In order to better understand the current situation on cryptocurrency markets, let us recall a famous story. An analyst and a trader both go into a lift. The trader, before pressing any of the buttons, turns to the analyst and says; “Spare me your clever little tricks and just tell me; are we going up or down?” The analyst answers; “First of all, we need to be clear which floor we’re on. Secondly, in any case, we can’t go higher than the roof, and we can’t go lower than the basement. Still, we can’t rule out the possibility that the lift will get stuck or change direction owing to extreme circumstances”.

It’s not at all easy to predict the exact price of a certain asset at a specific time. The analyst may have an advantage in that they give a general indication of where the price may end up, which is enough to make a trading decision. As far as this relates to Bitcoin, I’ve got some good and bad news. The bad news is that there’s no point in expecting the bitcoin’s explosive growth to continue. The good news is that there is still the potential for phases of growth. I reckon that the bitcoin could hit the 10,000 USD mark at some point next year. In the future, I think that growth to 100,000 USD is possible, but not to a million. In other words, I can see the price growing from its current level by a factor of 20, but not by 200. I’ll now try to explain where I’m coming from.
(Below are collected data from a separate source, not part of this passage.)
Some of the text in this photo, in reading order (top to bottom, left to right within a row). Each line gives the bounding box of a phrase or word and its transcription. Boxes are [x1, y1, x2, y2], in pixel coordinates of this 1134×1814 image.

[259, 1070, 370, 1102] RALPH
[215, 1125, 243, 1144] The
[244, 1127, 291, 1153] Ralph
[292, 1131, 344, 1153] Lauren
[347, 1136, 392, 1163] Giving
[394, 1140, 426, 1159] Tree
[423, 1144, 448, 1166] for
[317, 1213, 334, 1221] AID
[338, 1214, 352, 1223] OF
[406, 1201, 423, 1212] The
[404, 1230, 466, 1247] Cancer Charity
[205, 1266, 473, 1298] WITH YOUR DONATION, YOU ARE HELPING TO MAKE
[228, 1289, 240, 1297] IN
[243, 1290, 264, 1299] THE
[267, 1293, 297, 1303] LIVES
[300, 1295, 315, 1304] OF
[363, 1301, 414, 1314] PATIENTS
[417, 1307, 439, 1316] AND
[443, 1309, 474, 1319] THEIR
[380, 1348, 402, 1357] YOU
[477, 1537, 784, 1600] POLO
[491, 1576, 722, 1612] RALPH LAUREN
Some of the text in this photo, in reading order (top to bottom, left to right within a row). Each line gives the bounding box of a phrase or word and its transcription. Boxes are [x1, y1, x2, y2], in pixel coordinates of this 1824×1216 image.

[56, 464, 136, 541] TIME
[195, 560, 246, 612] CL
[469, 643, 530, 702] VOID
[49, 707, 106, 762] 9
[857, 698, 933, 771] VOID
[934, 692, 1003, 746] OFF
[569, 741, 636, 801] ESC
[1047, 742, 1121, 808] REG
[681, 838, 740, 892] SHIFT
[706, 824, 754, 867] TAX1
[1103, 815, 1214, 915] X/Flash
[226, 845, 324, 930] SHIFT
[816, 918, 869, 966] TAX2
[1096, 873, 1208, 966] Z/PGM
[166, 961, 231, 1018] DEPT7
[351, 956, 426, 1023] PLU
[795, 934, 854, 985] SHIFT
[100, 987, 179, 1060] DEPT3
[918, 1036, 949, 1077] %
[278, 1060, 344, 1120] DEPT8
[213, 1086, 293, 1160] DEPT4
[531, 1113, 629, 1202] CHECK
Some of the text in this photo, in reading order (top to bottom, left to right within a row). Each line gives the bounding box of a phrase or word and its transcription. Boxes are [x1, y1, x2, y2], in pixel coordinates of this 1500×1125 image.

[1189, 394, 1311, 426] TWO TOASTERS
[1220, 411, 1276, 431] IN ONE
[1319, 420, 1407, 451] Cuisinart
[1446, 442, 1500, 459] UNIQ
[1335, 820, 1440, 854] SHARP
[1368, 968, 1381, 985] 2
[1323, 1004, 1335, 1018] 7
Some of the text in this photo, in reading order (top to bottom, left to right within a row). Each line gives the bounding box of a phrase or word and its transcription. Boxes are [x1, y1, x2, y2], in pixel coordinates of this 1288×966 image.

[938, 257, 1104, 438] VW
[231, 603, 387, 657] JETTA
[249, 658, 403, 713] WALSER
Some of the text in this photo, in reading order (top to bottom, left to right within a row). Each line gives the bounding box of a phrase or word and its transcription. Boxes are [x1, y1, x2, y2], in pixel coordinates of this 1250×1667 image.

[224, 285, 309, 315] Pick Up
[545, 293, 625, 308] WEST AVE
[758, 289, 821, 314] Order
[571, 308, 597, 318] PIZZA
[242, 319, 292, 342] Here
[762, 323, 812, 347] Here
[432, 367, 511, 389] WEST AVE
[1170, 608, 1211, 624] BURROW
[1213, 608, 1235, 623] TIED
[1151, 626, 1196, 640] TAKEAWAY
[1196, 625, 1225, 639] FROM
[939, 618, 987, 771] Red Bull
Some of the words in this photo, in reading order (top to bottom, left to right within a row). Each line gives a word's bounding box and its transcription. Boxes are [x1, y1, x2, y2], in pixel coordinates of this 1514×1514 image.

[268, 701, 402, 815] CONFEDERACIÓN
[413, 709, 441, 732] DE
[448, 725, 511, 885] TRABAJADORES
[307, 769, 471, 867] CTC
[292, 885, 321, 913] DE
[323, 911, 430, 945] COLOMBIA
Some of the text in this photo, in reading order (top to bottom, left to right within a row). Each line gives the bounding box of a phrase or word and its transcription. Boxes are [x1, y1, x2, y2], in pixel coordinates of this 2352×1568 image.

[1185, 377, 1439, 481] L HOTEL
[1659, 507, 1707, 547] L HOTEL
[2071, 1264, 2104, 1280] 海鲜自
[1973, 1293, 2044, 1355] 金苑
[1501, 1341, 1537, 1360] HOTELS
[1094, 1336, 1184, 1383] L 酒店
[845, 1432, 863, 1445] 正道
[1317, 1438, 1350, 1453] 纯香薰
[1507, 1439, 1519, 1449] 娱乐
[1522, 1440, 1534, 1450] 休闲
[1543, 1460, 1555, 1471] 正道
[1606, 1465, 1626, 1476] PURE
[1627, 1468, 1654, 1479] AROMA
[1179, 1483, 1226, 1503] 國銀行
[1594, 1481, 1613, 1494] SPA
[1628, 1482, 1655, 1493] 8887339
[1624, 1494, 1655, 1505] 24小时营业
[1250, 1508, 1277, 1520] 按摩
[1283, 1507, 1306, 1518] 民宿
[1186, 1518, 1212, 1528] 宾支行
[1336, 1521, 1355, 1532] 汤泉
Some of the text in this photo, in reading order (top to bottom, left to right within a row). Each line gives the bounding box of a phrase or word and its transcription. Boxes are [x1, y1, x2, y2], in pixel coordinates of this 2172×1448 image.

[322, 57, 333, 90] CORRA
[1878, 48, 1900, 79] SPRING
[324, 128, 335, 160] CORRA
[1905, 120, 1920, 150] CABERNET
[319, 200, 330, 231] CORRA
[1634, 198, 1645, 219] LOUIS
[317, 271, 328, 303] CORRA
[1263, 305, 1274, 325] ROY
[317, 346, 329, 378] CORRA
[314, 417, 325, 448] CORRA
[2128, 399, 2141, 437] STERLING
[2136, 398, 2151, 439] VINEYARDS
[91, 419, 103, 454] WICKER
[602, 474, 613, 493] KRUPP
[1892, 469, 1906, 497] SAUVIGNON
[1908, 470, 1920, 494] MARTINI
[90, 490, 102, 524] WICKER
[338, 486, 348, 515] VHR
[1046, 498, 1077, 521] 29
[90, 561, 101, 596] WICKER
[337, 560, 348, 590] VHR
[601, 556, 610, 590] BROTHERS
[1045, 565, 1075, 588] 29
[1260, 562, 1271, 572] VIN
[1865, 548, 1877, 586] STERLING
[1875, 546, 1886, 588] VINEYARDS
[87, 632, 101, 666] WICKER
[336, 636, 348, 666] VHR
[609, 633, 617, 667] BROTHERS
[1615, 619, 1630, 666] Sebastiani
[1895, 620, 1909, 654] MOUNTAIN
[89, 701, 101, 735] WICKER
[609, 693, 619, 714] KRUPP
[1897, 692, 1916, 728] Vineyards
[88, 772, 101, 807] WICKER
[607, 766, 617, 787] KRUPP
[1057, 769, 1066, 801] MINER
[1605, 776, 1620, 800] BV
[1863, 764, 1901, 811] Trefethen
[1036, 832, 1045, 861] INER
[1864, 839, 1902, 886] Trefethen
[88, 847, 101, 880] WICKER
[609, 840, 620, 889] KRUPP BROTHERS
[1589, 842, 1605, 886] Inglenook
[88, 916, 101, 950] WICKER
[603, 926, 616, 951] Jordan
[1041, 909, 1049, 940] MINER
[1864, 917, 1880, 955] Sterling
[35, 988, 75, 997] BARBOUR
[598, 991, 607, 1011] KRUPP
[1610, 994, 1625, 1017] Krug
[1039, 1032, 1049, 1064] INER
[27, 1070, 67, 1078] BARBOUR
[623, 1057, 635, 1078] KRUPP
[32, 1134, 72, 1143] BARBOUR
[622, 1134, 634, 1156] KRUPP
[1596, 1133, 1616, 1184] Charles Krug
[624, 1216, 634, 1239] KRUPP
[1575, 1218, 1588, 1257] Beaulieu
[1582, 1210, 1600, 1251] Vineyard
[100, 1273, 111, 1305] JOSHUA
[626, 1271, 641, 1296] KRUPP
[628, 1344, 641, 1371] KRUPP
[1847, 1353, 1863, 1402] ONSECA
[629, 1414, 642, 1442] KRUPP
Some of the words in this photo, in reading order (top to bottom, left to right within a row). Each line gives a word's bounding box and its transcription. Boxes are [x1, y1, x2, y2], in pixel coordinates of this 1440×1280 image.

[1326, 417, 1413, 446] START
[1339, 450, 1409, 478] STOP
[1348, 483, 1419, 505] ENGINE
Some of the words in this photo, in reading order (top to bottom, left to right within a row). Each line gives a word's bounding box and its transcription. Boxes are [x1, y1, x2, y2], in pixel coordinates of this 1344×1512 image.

Assets grow most strongly during the earlier phases of their development. Its acceptance within the investment community provides for further growth, but not as strongly as before. As far as Bitcoin is concerned, it’s gone through several phases during its 10-year history. In the beginning, the bitcoin was simply a conventional unit, and transactions that took place among the “IT geeks” who founded the blockchain technology were executed at bitcoin prices of around 0.3 – 1 USD. The situation changed after Forbes published an article on Bitcoin on the 20th of April, 2011. This captured the interest of people close to the IT industry. From 2011 to 2013, the price of bitcoin rose from 1 to 300 USD (it even briefly hit 1,000 USD). For the next 2 years, the bitcoin was volatile and fluctuated within a range of 200 – 300 USD. A large number of private investors started to show an interest in the currency in 2016, and the price has risen tenfold in the last two years from 400 to 4,000 USD. Growth was exponential. This year, the growth continued and even outpaced the exponent, which is why the bitcoin currently looks slightly overbought (see fig 1).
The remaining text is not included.